Gefahr im Wahlkampf? Wie Deepfakes demokratische Wahlen beeinflussen können
Die neue Dimension der Wahlkämpfe: Deepfakes und ihre Folgen
Pornografische Szenen, die nie stattgefunden haben, erfolgreiche Influencer/-innen, die es in der realen Welt gar nicht gibt, Aussagen von Politikerinnen und Politikern, die nie getätigt wurden: KI macht solche Täuschungen möglich. Die Rede ist von sogenannten „Deepfakes“. Mit dem Trend ist auch die Anzahl politisch motivierter Deepfakes stark angestiegen – insbesondere jener, die direkt auf die Beeinflussung von Wahlen abzielen. So gab es im Jahr 2023 und Anfang 2024 weltweit zahlreiche Versuche, mithilfe von Deepfakes den Verlauf von Wahlkämpfen zu beeinflussen (Quelle: Konrad-Adenauer-Stiftung e.V) und auch in Deutschland nehmen die Fälle politischer Deepfakes zu. Der prominenteste Fall ist ein von Aktivistinnen und Aktivisten erstelltes Deepfake-Video, welches Bundeskanzler Scholz zeigt, wie er ein AfD-Verbot fordert. In diesem Artikel klären wir, welche Rolle Deepfakes bei Wahlkämpfen spielen, wie sie Wahlen beeinflussen könnten und wie Sie Deepfakes als solche erkennen können.
Was sind Deepfakes?
Deepfakes sind Medieninhalte wie Fotos, Videos oder Audios, die mithilfe von künstlichen neuronalen Netzen so verändert oder komplett neu generiert wurden, dass sie nicht ohne Weiteres als Fälschung erkennbar sind. Um Deepfakes zu erstellen, braucht das zu trainierende Computermodell Daten der Zielperson (beispielsweise Bilder), um deren Gesichtszüge, Mimik und Bewegungen zu erlernen. Anschließend kann dieses Programm die Person mithilfe von künstlicher Intelligenz (KI) nachbauen und sie Sätze sagen und Dinge tun lassen, die in Wahrheit nie ausgesprochen wurden oder passiert sind. Andersherum können Gesichter in bestehenden Videos auch durch das Gesicht einer Zielperson ersetzt werden.

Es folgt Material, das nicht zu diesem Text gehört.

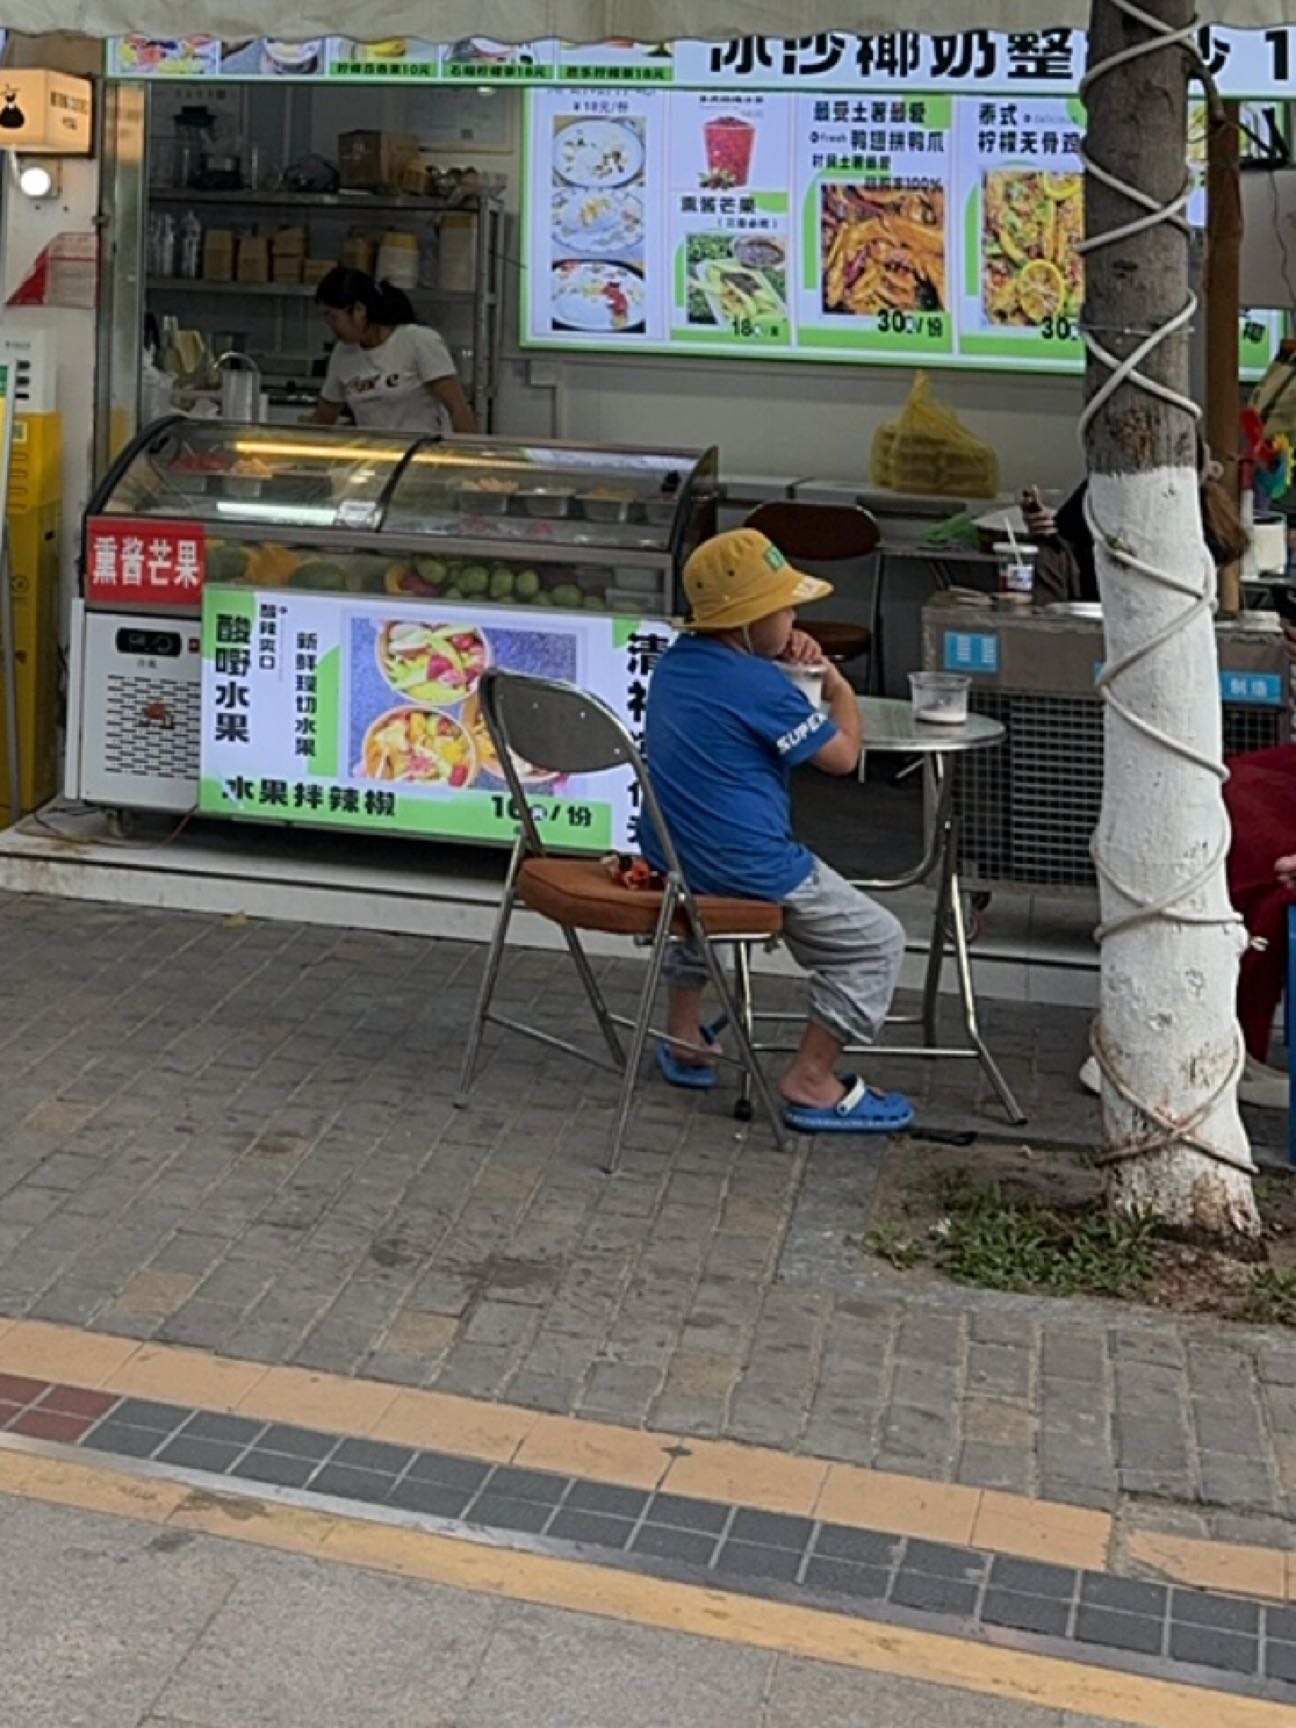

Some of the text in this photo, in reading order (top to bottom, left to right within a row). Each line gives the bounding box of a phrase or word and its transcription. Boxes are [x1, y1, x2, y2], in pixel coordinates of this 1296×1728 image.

[979, 102, 1018, 125] 泰式
[215, 613, 251, 743] 酸嘢水果
[222, 777, 396, 818] 水果拌辣椒
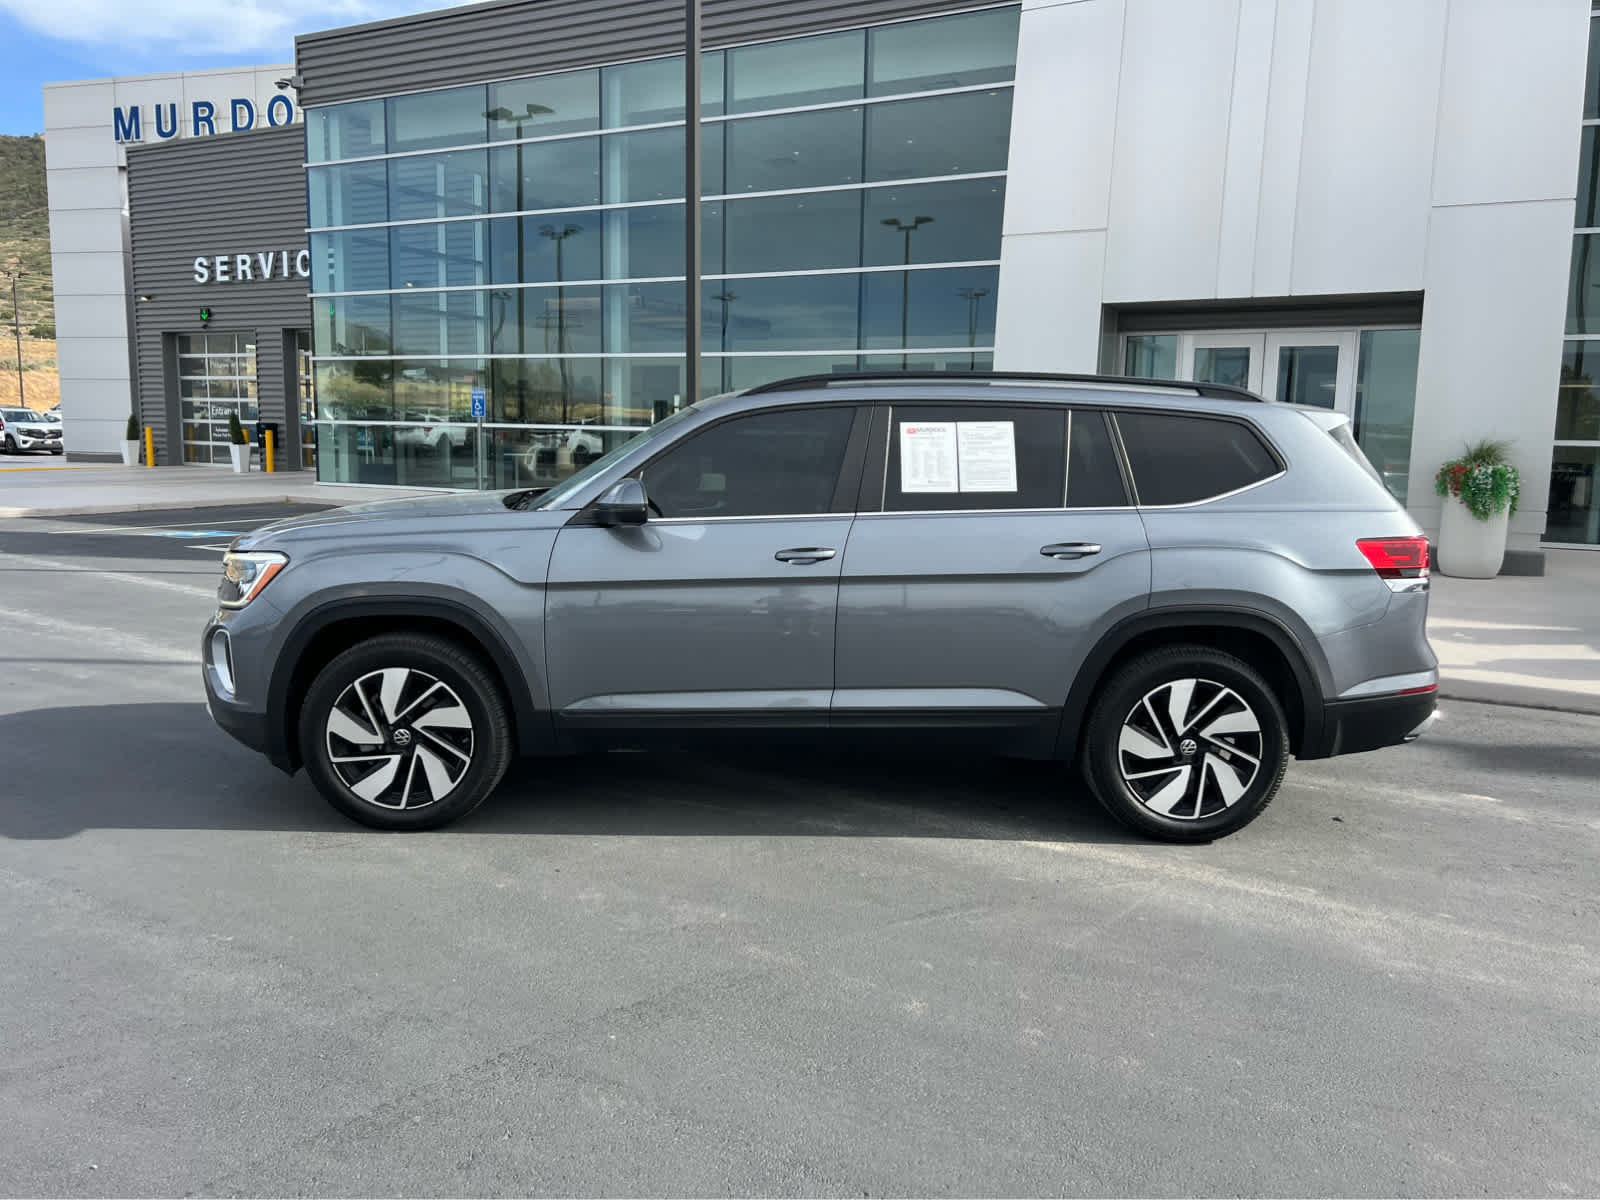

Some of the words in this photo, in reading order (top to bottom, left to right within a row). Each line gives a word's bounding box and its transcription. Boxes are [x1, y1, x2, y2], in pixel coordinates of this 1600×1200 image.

[113, 94, 294, 141] MURDO
[193, 249, 310, 284] SERVIC
[211, 407, 239, 416] Entrane

Die Rolle von Deepfakes bei Wahlen
Derzeit zeigt sich ein deutlicher Trend, Deepfakes vor allem zur Diskreditierung politischer Gegner/-innen sowie für politische Werbung einzusetzen. Bei den Präsidentschaftswahlen in der Slowakei wurde ein Audio-Deepfake verbreitet, in dem ein Kandidat angeblich über Wahlbetrug spricht. Bei den Vorwahlen der US-Präsidentschaftswahl 2024 wurden gefälschte Stimmen verwendet, die Joe Biden imitierten und versuchten, Wähler/-innen zu beeinflussen. Kurz vor den Parlaments- und Präsidentschaftswahlen in der Türkei hat Präsident Erdoğan ein manipuliertes Video gezeigt, das seinen Hauptkonkurrenten Kemal Kılıçdaroğlu fälschlicherweise mit der terroristischen PKK in Verbindung bringt. Recherchen des DW-Faktencheck-Teams belegen die Manipulation.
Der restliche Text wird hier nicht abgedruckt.